So we just updated to 8.2.1 and we are now getting an Ingestion Latency error…
How do we correct it? Here is what the link says and then we have an option to view the last 50 messages...
Here are some examples of what is shown as the messages:
07-01-2021 09:28:52.269 -0500 INFO TailingProcessor [66180 MainTailingThread] - Adding watch on path: C:\Program Files\CrushFTP9\CrushFTP.log.
We had this problem after upgrading to v8.2.3 and have found a solution.
After disabling the SplunkUniversal Forwarder, the SplunkLightForwarder and the SplunkForwarder on splunkdev01, the system returned to normal operation. These apps were enabled on the Indexer and should have been disabled by default. Also when trying to load a UniversalForwarder that is not compatible to v8.2.3, it will cause ingestion latency and tailreader errors. We had some Solaris 5.1 servers (forwarders) that are no longer compatible with upgrades so we just kept them on 8.0.5. The upgrade requires Solaris 11 or more.
The first thing I did was go to the web interface, Manage Apps and searched *forward*.

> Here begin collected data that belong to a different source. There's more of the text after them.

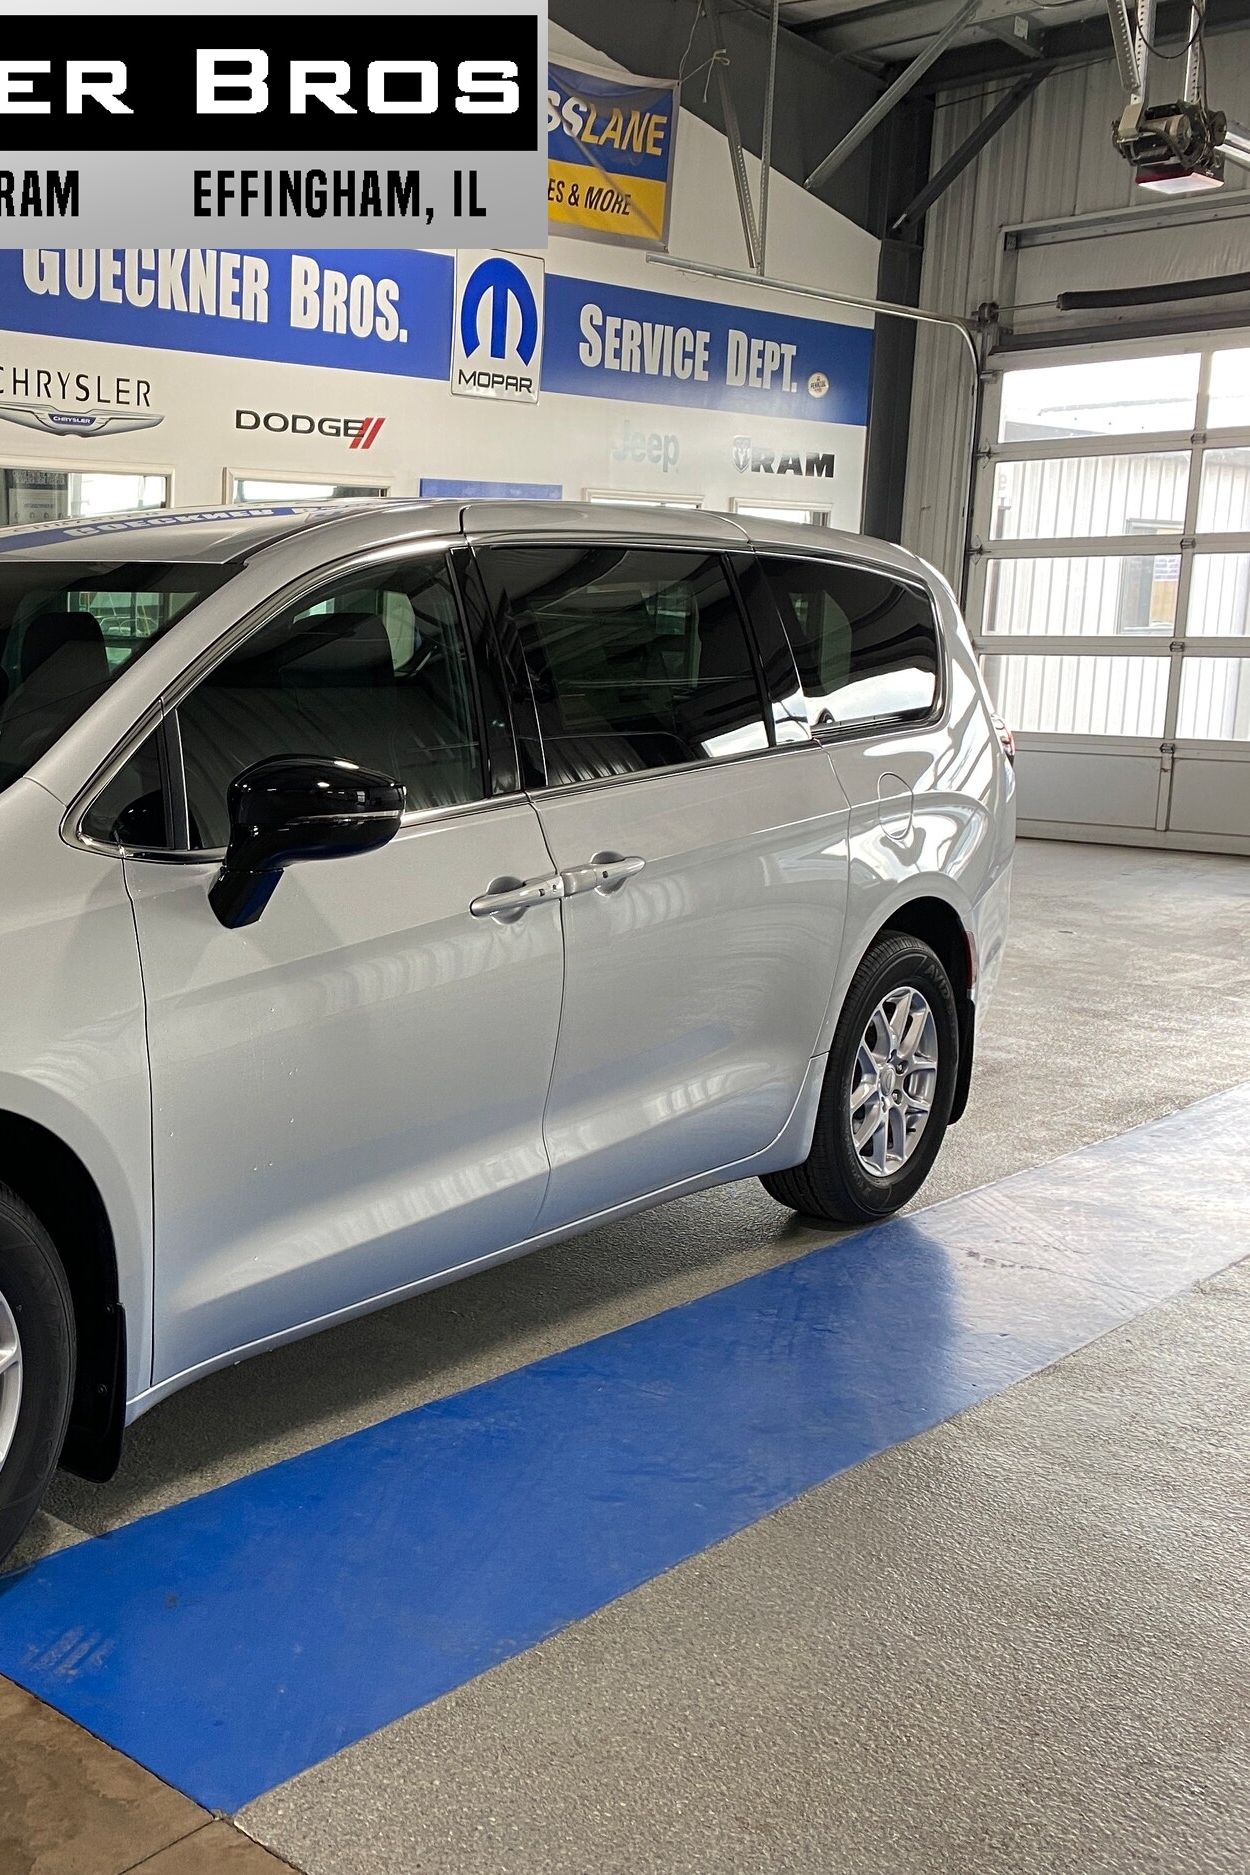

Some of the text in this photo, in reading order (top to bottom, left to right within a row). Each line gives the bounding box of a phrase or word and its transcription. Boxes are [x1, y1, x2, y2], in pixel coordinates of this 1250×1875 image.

[567, 182, 581, 207] &
[584, 186, 632, 216] MORE
[23, 248, 409, 343] GOECKNER BROS.
[578, 303, 799, 393] SERVICE DEPT.
[458, 368, 534, 394] MOPAR
[52, 415, 92, 424] CHRYSLER
[235, 409, 366, 438] DODGE
[613, 419, 680, 473] Jeep
[750, 445, 835, 478] RAM

This showed the three Forwarders that I needed to disable and I disabled them on the interface.
I also typed these commands in unix on the indexer:
splunk disable app SplunkForwarder -auth <username>:<password>
splunk disable app SplunkLight -auth <username>:<password>
splunk disable app SplunkUniversalForwarder -auth <username>:<password>
After doing these things the ingestion latency and tailreader errors stopped.

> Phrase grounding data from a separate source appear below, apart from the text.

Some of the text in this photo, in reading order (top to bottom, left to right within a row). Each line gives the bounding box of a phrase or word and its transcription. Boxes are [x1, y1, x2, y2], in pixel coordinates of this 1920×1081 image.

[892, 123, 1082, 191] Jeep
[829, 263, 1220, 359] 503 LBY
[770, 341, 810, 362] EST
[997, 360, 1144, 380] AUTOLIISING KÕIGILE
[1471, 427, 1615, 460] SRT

FWIW, my support case is still open. I still have no answers. Although I have many support people telling me the problem doesn't exist, so I reply with screenshots of the problem still existing.
The original resolution suggested was to disable the monitoring/alerting for this service. If anyone is interested in this solution, I'm happy to post it - but as it doesn't solve the underlying issue, and all it does is stop the alert telling you the issue exists, I haven't bothered testing/implementing it myself.
Splunk support have replied and confirmed (finally) that it is a known bug for the ingestion latency for both on-prem and cloud customers.
Their suggested solution is to disable the monitoring/disable the alerts.
Note - this doesn't fix the ingestion issues (that are causing indexing to be skipped & therefore data loss) - only stops warning you about the issue.
Hi, in our case also the same thing happens, it seems to be monitoring the tracker.log file that does not exist in any of our deployed hosts, yet we have this problem in the SH and the Indexer.
In our situation, the problem was actually the permissions on this one particular log file. It appears that when Splunk was upgraded, the permission on the log file was set to root only and splunk was not able to read the log file. We don't run Splunk as a root user, therefore we had no other choice but to change ownership of the file so Splunk could read it. We are running RHEL 8.x, so "chown -R splunk:splunk /opt/splunk" did the trick. Once we restarted Splunk the issue went away immediately.
Just like several others had mentioned previously, we were only seeing the issue on our Cluster Master and no other Splunk application server. Hope this helps!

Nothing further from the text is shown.